WHAT YOU WILL DO:
Retype all the data word for word.

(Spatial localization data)

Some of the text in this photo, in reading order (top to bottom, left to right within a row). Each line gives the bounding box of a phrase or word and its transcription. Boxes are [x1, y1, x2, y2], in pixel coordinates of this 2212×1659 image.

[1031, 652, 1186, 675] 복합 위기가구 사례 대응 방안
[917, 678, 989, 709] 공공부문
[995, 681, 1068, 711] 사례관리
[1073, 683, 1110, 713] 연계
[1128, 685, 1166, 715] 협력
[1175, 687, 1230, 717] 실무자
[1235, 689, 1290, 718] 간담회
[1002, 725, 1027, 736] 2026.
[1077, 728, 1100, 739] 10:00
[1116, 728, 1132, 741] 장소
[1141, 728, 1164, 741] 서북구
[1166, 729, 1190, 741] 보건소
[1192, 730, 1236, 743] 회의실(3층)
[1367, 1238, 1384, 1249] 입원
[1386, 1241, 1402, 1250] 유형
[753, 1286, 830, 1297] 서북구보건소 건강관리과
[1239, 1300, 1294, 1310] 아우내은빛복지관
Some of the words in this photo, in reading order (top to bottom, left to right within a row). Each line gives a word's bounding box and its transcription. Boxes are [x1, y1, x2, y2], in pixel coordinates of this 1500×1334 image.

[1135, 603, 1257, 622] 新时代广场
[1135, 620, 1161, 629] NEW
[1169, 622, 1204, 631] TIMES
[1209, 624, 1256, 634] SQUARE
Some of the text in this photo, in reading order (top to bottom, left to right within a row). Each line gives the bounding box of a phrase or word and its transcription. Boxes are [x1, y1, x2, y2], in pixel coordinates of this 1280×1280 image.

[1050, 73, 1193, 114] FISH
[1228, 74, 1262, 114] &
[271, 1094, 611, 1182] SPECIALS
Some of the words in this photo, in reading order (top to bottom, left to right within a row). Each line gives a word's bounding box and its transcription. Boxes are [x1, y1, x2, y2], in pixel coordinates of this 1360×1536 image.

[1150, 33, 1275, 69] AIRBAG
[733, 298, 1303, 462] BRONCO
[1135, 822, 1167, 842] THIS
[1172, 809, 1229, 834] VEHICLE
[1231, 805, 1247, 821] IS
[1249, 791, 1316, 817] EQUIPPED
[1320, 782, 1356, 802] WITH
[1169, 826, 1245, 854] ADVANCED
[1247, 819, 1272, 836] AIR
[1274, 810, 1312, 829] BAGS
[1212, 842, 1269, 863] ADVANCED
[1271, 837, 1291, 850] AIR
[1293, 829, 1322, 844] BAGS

SOLUTION TO THE PROBLEM:
Some of the text in this photo, in reading order (top to bottom, left to right within a row). Each line gives the bounding box of a phrase or word and its transcription. Boxes are [x1, y1, x2, y2], in pixel coordinates of this 2212×1659 image.

[1031, 652, 1186, 675] 복합 위기가구 사례 대응 방안
[917, 678, 989, 709] 공공부문
[995, 681, 1068, 711] 사례관리
[1073, 683, 1110, 713] 연계
[1128, 685, 1166, 715] 협력
[1175, 687, 1230, 717] 실무자
[1235, 689, 1290, 718] 간담회
[1002, 725, 1027, 736] 2026.
[1077, 728, 1100, 739] 10:00
[1116, 728, 1132, 741] 장소
[1141, 728, 1164, 741] 서북구
[1166, 729, 1190, 741] 보건소
[1192, 730, 1236, 743] 회의실(3층)
[1367, 1238, 1384, 1249] 입원
[1386, 1241, 1402, 1250] 유형
[753, 1286, 830, 1297] 서북구보건소 건강관리과
[1239, 1300, 1294, 1310] 아우내은빛복지관
Some of the words in this photo, in reading order (top to bottom, left to right within a row). Each line gives a word's bounding box and its transcription. Boxes are [x1, y1, x2, y2], in pixel coordinates of this 1500×1334 image.

[1135, 603, 1257, 622] 新时代广场
[1135, 620, 1161, 629] NEW
[1169, 622, 1204, 631] TIMES
[1209, 624, 1256, 634] SQUARE
Some of the text in this photo, in reading order (top to bottom, left to right within a row). Each line gives the bounding box of a phrase or word and its transcription. Boxes are [x1, y1, x2, y2], in pixel coordinates of this 1280×1280 image.

[1050, 73, 1193, 114] FISH
[1228, 74, 1262, 114] &
[271, 1094, 611, 1182] SPECIALS
Some of the words in this photo, in reading order (top to bottom, left to right within a row). Each line gives a word's bounding box and its transcription. Boxes are [x1, y1, x2, y2], in pixel coordinates of this 1360×1536 image.

[1150, 33, 1275, 69] AIRBAG
[733, 298, 1303, 462] BRONCO
[1135, 822, 1167, 842] THIS
[1172, 809, 1229, 834] VEHICLE
[1231, 805, 1247, 821] IS
[1249, 791, 1316, 817] EQUIPPED
[1320, 782, 1356, 802] WITH
[1169, 826, 1245, 854] ADVANCED
[1247, 819, 1272, 836] AIR
[1274, 810, 1312, 829] BAGS
[1212, 842, 1269, 863] ADVANCED
[1271, 837, 1291, 850] AIR
[1293, 829, 1322, 844] BAGS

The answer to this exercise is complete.